**THE PROBLEM**: Each record below is to be copied exactly; the pictures are to be omitted.
-.-.-
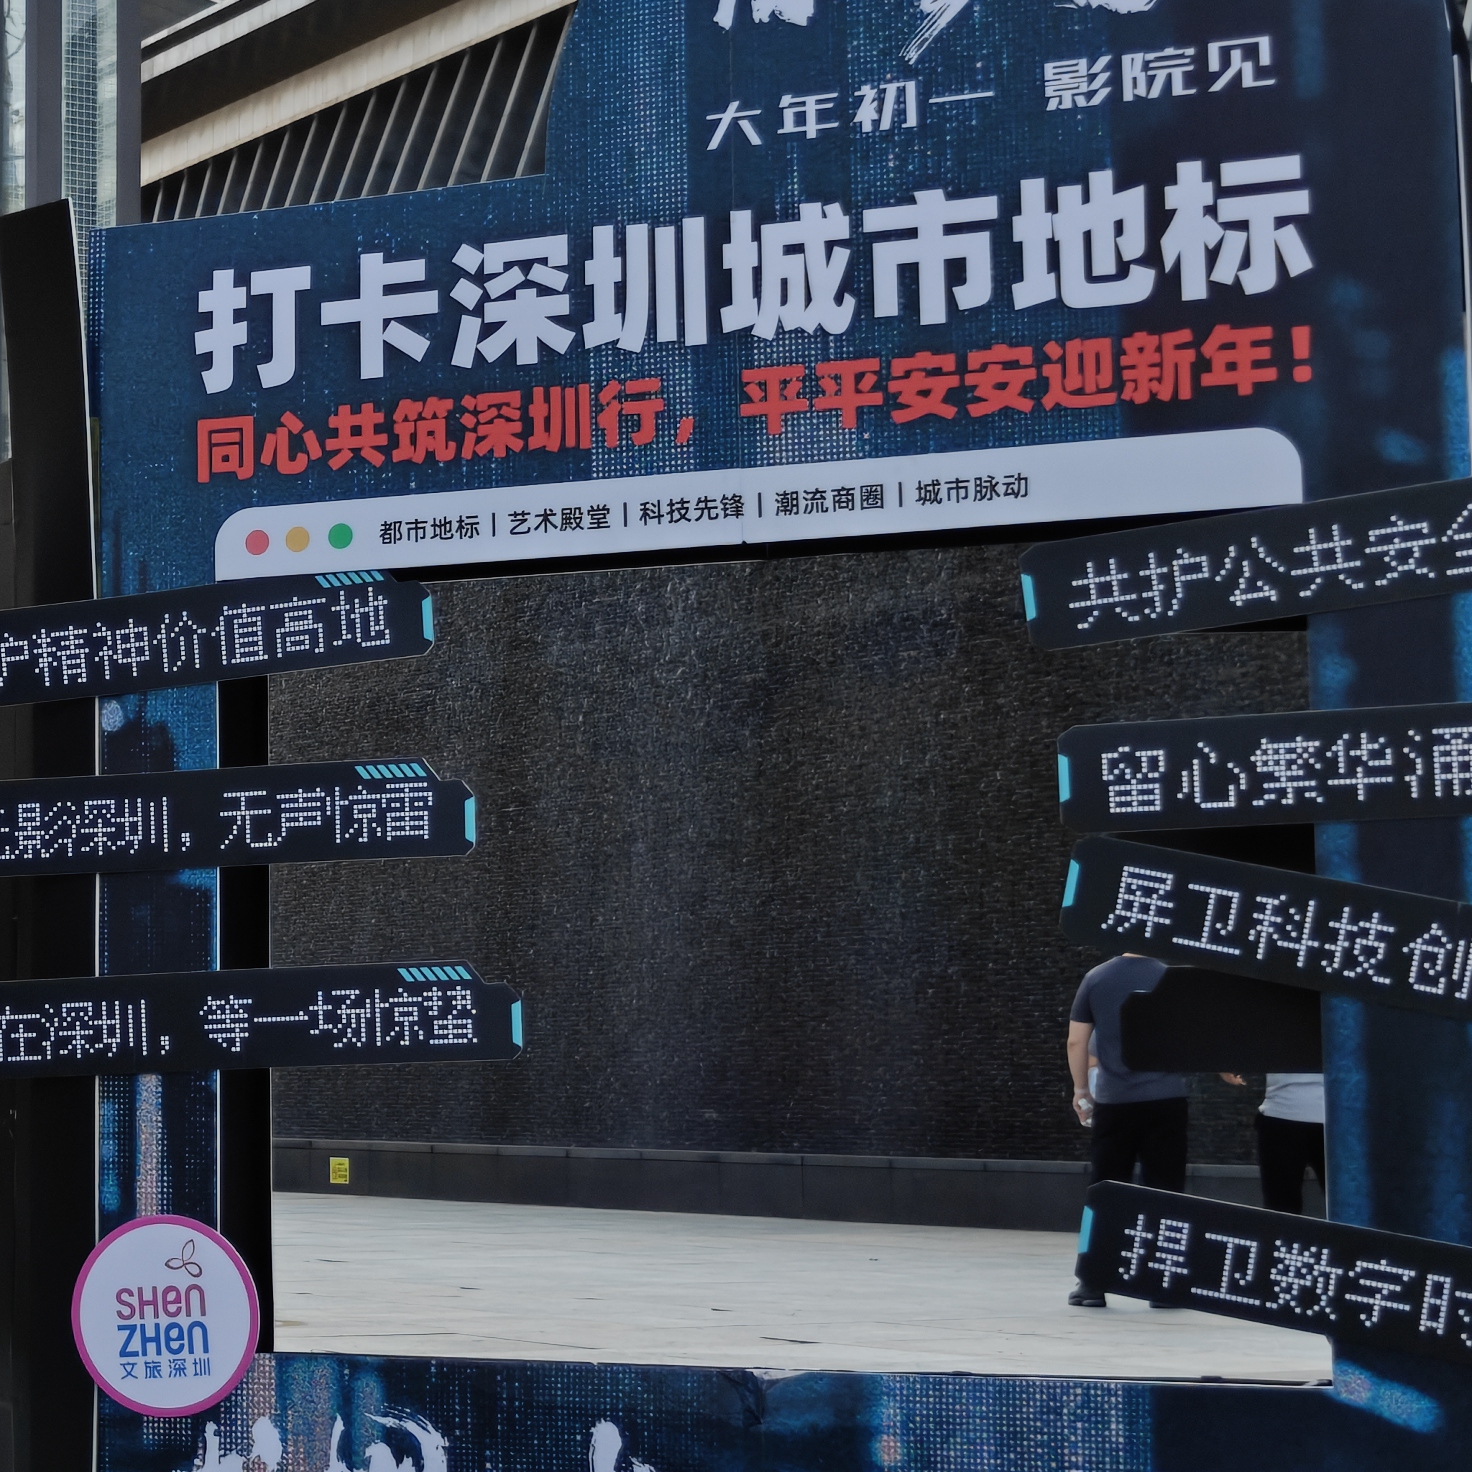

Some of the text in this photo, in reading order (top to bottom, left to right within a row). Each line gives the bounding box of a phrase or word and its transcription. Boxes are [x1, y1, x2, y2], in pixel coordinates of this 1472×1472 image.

[706, 35, 1277, 151] 大年初一 影院见
[195, 156, 1312, 395] 打卡深圳城市地标
[119, 1357, 211, 1380] 文旅深圳
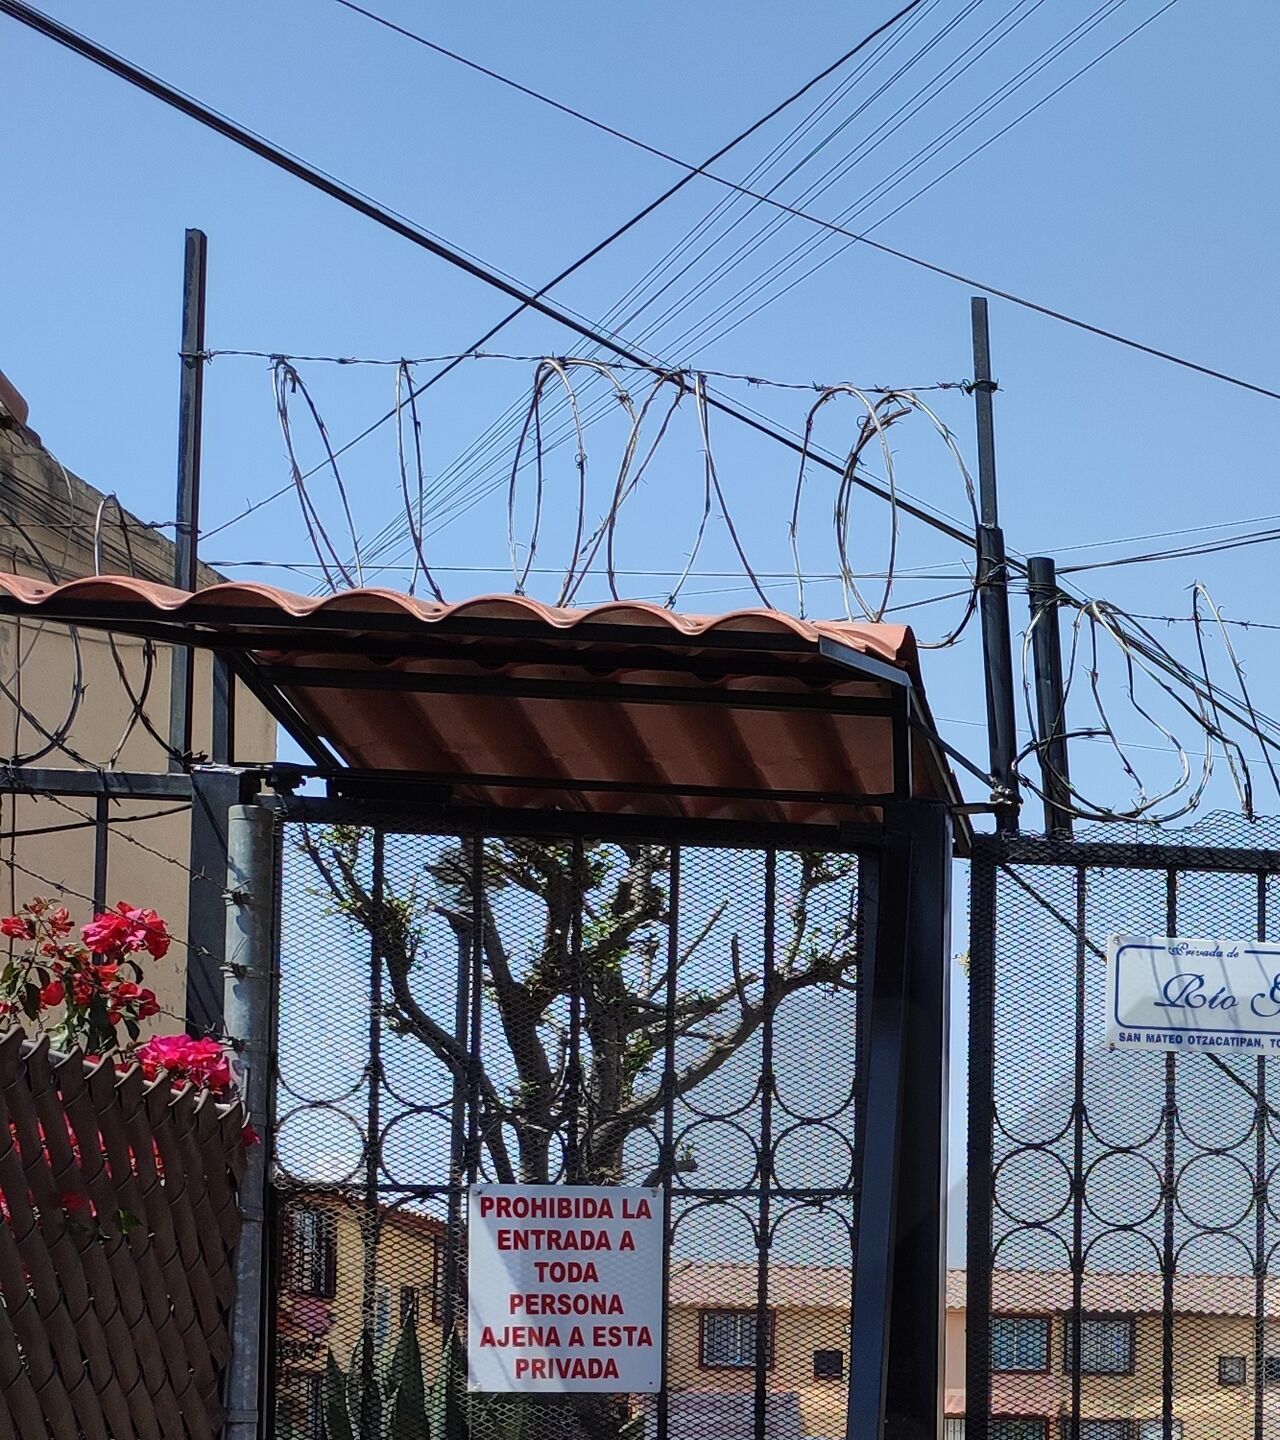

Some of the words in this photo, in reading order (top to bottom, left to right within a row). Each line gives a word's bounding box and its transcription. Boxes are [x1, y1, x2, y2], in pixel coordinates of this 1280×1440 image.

[1168, 942, 1223, 957] Privada
[1227, 946, 1239, 958] de
[1118, 1032, 1141, 1042] SAN
[1146, 1033, 1183, 1045] MATEO
[1187, 1035, 1264, 1049] OTZACATIPAN,
[480, 1196, 614, 1219] PROHIBIDA
[622, 1198, 652, 1219] LA
[497, 1229, 611, 1251] ENTRADA
[619, 1230, 636, 1251] A
[534, 1261, 599, 1283] TODA
[509, 1293, 625, 1315] PERSONA
[480, 1326, 561, 1348] AJENA
[568, 1326, 585, 1348] A
[592, 1326, 653, 1348] ESTA
[515, 1358, 620, 1380] PRIVADA
-.-.-
**SOLVED EXERCISE**:
Some of the text in this photo, in reading order (top to bottom, left to right within a row). Each line gives the bounding box of a phrase or word and its transcription. Boxes are [x1, y1, x2, y2], in pixel coordinates of this 1472×1472 image.

[706, 35, 1277, 151] 大年初一 影院见
[195, 156, 1312, 395] 打卡深圳城市地标
[119, 1357, 211, 1380] 文旅深圳

Some of the words in this photo, in reading order (top to bottom, left to right within a row). Each line gives a word's bounding box and its transcription. Boxes are [x1, y1, x2, y2], in pixel coordinates of this 1280×1440 image.

[1168, 942, 1223, 957] Privada
[1227, 946, 1239, 958] de
[1118, 1032, 1141, 1042] SAN
[1146, 1033, 1183, 1045] MATEO
[1187, 1035, 1264, 1049] OTZACATIPAN,
[480, 1196, 614, 1219] PROHIBIDA
[622, 1198, 652, 1219] LA
[497, 1229, 611, 1251] ENTRADA
[619, 1230, 636, 1251] A
[534, 1261, 599, 1283] TODA
[509, 1293, 625, 1315] PERSONA
[480, 1326, 561, 1348] AJENA
[568, 1326, 585, 1348] A
[592, 1326, 653, 1348] ESTA
[515, 1358, 620, 1380] PRIVADA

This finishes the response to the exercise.